快速電車として当たり前に走るが故に、基本的に種別表示のしないオレンジ色の中央線電車も、早朝や深夜の各駅停車ではさすがに『各駅停車』と表示して走る。
その電車内に、敷島とキールが乗っていた。
「今度は新幹線で、この区間を逆走することを考えると複雑だよ」
ドアの前に立つ敷島は、目の前に映る新幹線の高架線を見て言った。
「確かにGPS上、その動きは不自然ですね。ですが、都内の鉄道移動というのはそういうものでしょう」
「ちゃんとそれを考慮して行動できるんだから、お前達は優秀だよ」
「光栄です」
モード変更やその他改造を受けたという割には、見た目の変わらないキール。
ただ、この暑いのに黒いスーツ上下にベストやネクタイを着用している姿は【お察しください】。
電車が駅に到着する。
「じゃ、新幹線ホームに移動するか」
「はい」
多くの乗客と共にホームに降り立ち、新幹線乗り場へ向かう。
「中央線からだと、新幹線乗り場まで意外と歩くんだよな。中央線が1番丸の内寄りで、新幹線は八重洲寄りだからな」
「良いではありませんか。地下ホームからアクセスするよりは、ずっと楽です」
「まあな」
新幹線と京葉線を往復するTDR客は、汗と涙を流してくれたまえ。
「しかし、お前はどこが変わったんだ?」
「変更内容は、参事(※)の端末に送信されているはずですが?」
※敷島の財団内における役職名。いかにも偉そうな役職で、表向きは一般企業における課長クラス並みだとされてはいるが、実際にはそれほど大きな権限は無いらしい。

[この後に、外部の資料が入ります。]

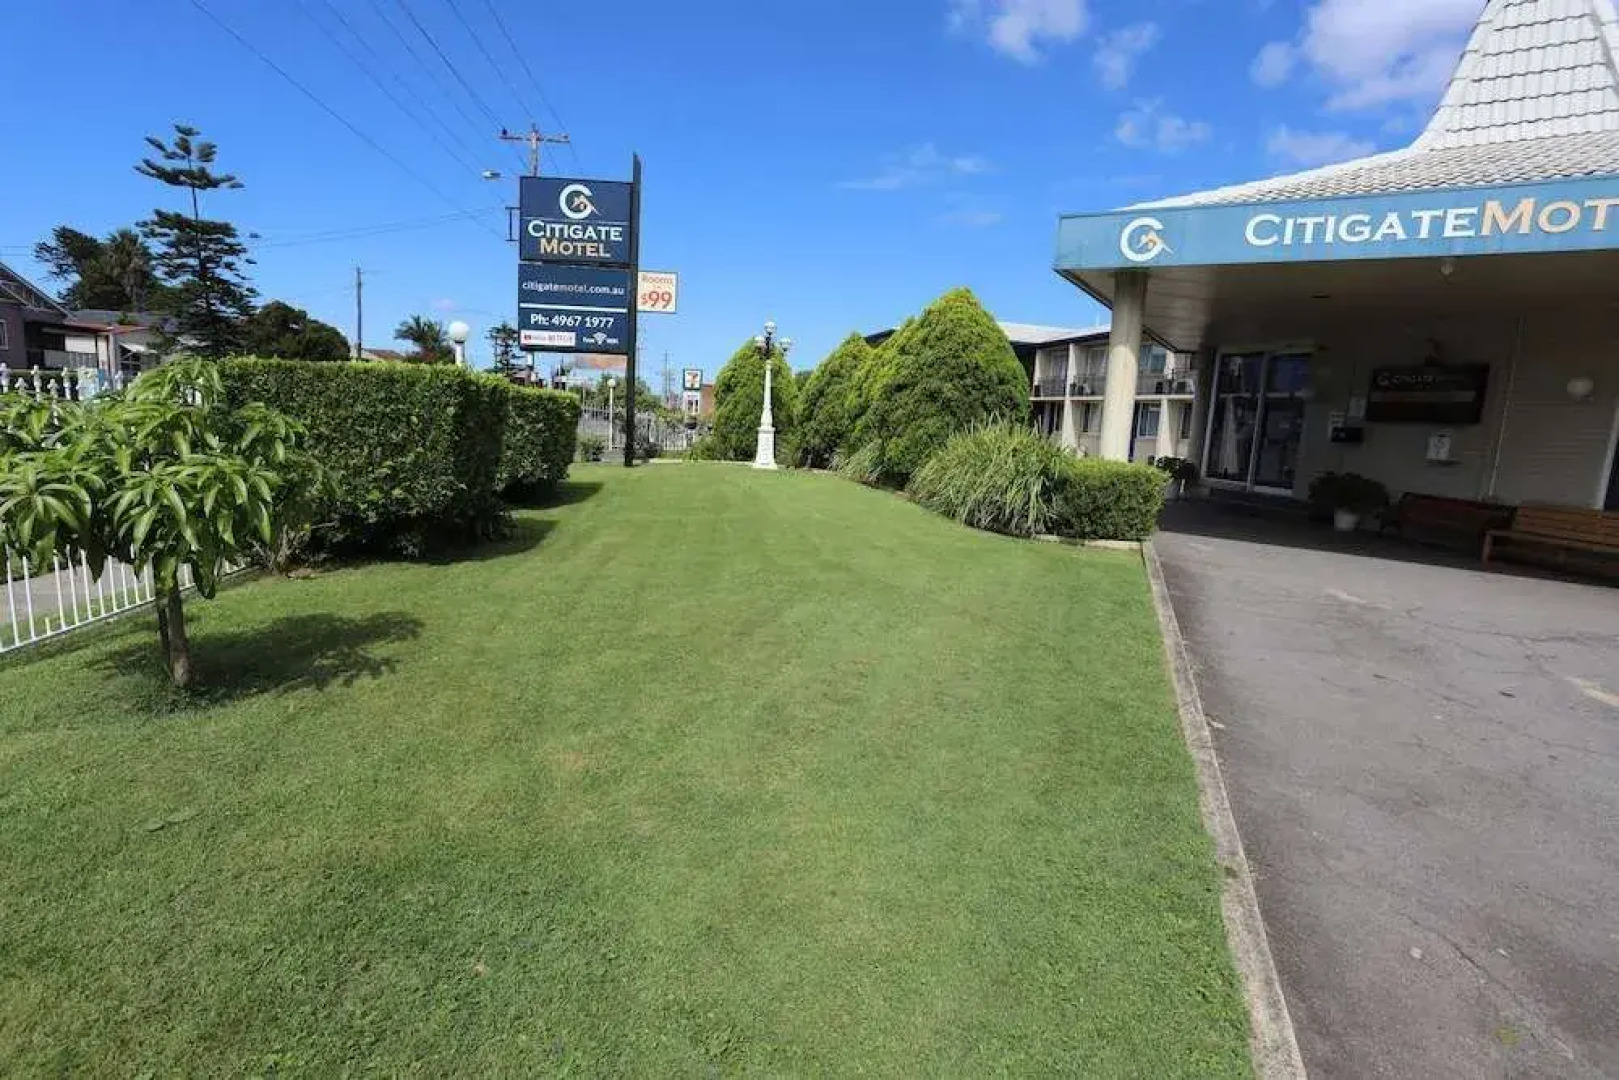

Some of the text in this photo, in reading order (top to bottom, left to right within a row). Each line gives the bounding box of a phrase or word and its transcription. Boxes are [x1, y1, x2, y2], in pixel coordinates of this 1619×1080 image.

「いや、そりゃそうだけどさ……。右腕を変形させて、銃火器にって本当か?」
「さようです。無論、ここでは披露できません」
「ああ。丸の内警察署から機動隊が何人派遣されることやら……。腕を変形させて銃火器に変形できるって、エミリーと同じじゃないか」
「まあ……もう参事はご存知ですが、私もマルチタイプをモチーフに製作されたものですから、その辺のカスタマイズは楽だったのでしょう」
「なるほどね。じゃあ、いざとなったら、エミリーと2人でハコごとブッ壊すのは可能だということだ」
「さあ、どうでしょうか……」
キールは首を傾げた。
「おいおい、頼むよ」
「今回のミッションの目的は、先遣隊の救助並びに先遣隊の任務の引き継ぎです。建物を破壊することが目的ではありません」
「まあ、いざとなったらの話だよ」
敷島は少しウザく思った。
執事ロボットだから固いのはしょうがないことなのだが、こんなんで大丈夫なのだろうかと思う。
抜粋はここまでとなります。